What is the perimeter of the regular hexagon shown in below. if the apothem, XO,
measures 2√3 units? the number of sides is 6

use the formula

a = (s)/(2tan(180/n))

To calculate the perimeter of the regular hexagon, we first need to find the length of one side, \( s \), using the formula for the apothem:

\[
a = \frac{s}{2 \tan\left(\frac{180^\circ}{n}\right)}
\]

Where:
- \( a \) is the apothem (given as \( 2\sqrt{3} \)),
- \( s \) is the length of one side,
- \( n \) is the number of sides (which is 6 for a hexagon).

### Step 1: Solve for \( s \)
Rearranging the formula to solve for \( s \):

\[
s = 2a \tan\left(\frac{180^\circ}{n}\right)
\]

Substituting \( a = 2\sqrt{3} \) and \( n = 6 \):

\[
s = 2(2\sqrt{3}) \tan\left(\frac{180^\circ}{6}\right)
\]
\[
s = 4\sqrt{3} \tan(30^\circ)
\]

We know that \( \tan(30^\circ) = \frac{1}{\sqrt{3}} \), so:

\[
s = 4\sqrt{3} \times \frac{1}{\sqrt{3}} = 4
\]

### Step 2: Calculate the perimeter
The perimeter of a regular polygon is given by:

\[
P = n \times s
\]

For a hexagon with 6 sides, and each side of length 4 units:

\[
P = 6 \times 4 = 24 \, \text{units}
\]

Thus, the perimeter of the hexagon is **24 units**.

Would you like more details or clarifications? 
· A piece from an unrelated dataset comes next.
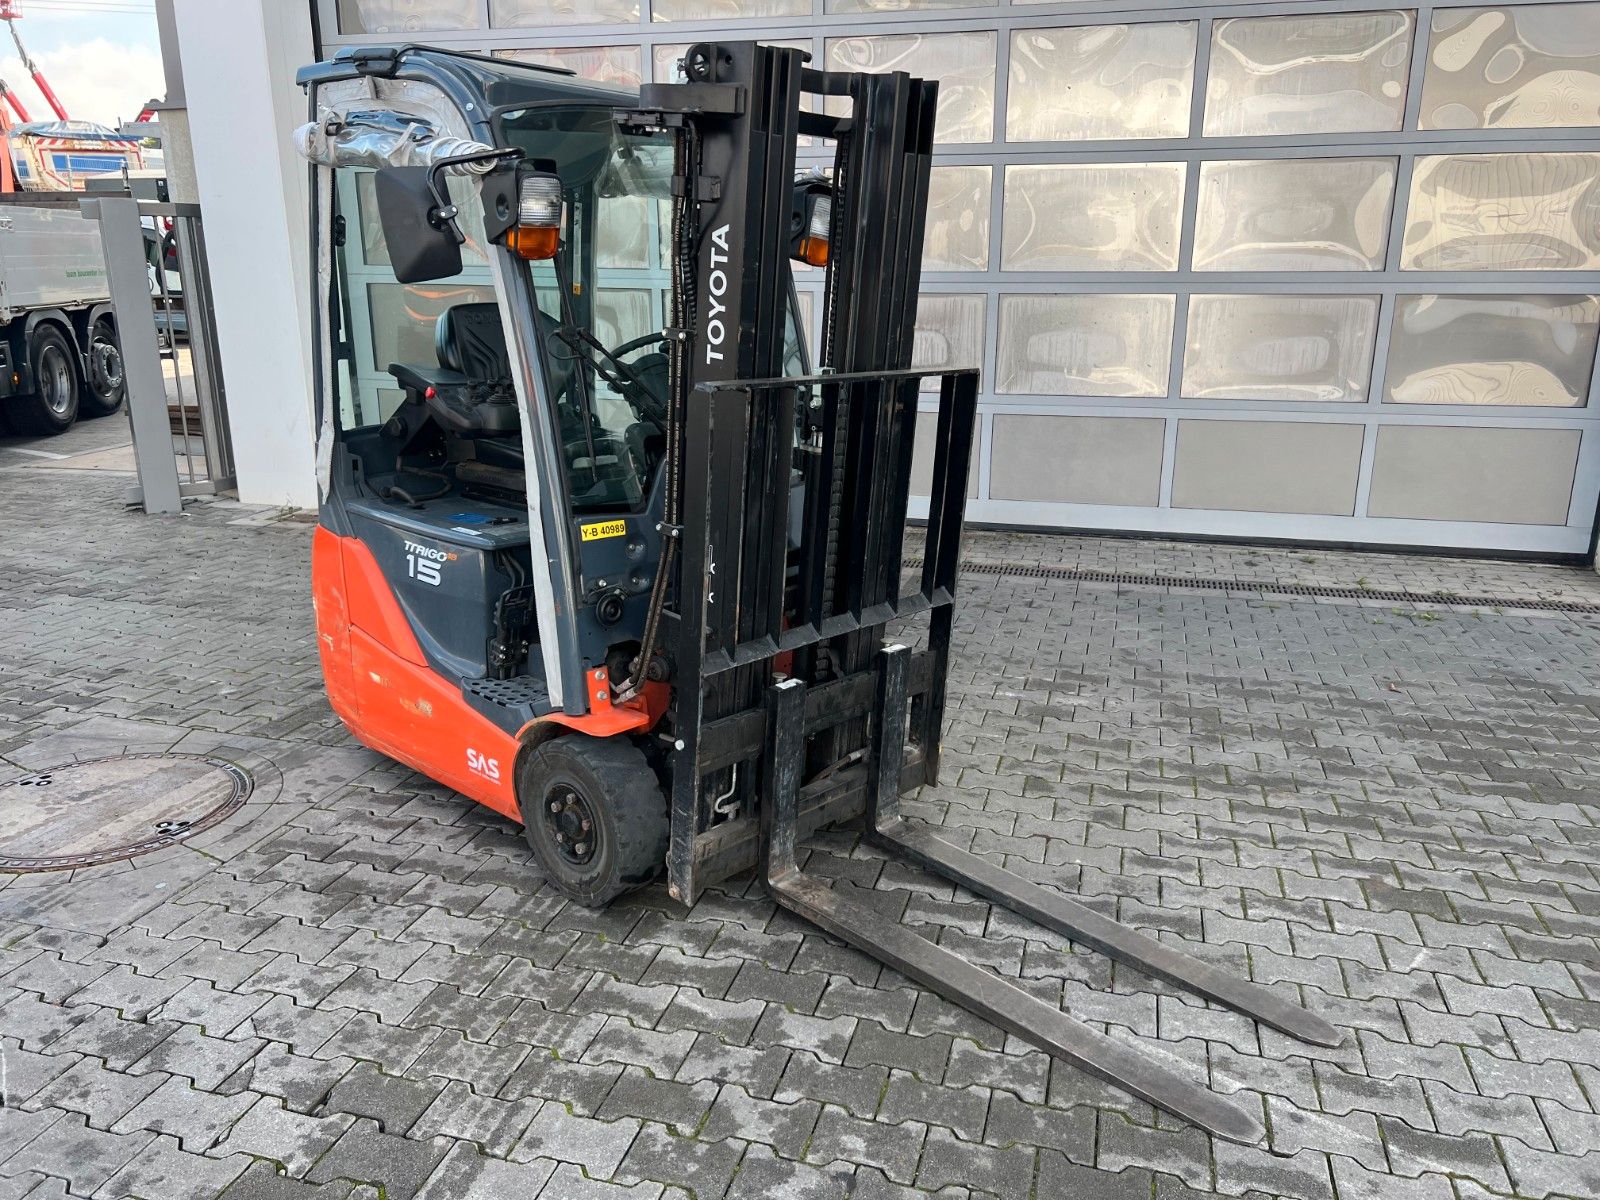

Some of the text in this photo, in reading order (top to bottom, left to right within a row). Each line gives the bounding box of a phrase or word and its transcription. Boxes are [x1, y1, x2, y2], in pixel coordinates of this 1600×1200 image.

Here are some related questions:
1. How do you find the area of a regular hexagon using the apothem and side length?
2. What is the relationship between the apothem and the radius of a regular hexagon?
3. How does the apothem change if the number of sides increases?
4. Can the formula \( a = \frac{s}{2 \tan(180^\circ/n)} \) be applied to all polygons?
5. How would the side length change if the apothem was given in different units?

**Tip**: The apothem of a regular polygon always bisects its side and forms a right triangle with half the side length.

What is the perimeter of the regular hexagon shown in below. If the apothem, XO, measures 2√3 units? The number of sides is 6. Use the formula a = (s)/(2tan(180/n)).

Learn how to calculate the perimeter of a regular hexagon when the apothem is 2√3 units. This solution uses trigonometric concepts and the regular polygon perimeter formula. Suitable for students in Grades 8-10.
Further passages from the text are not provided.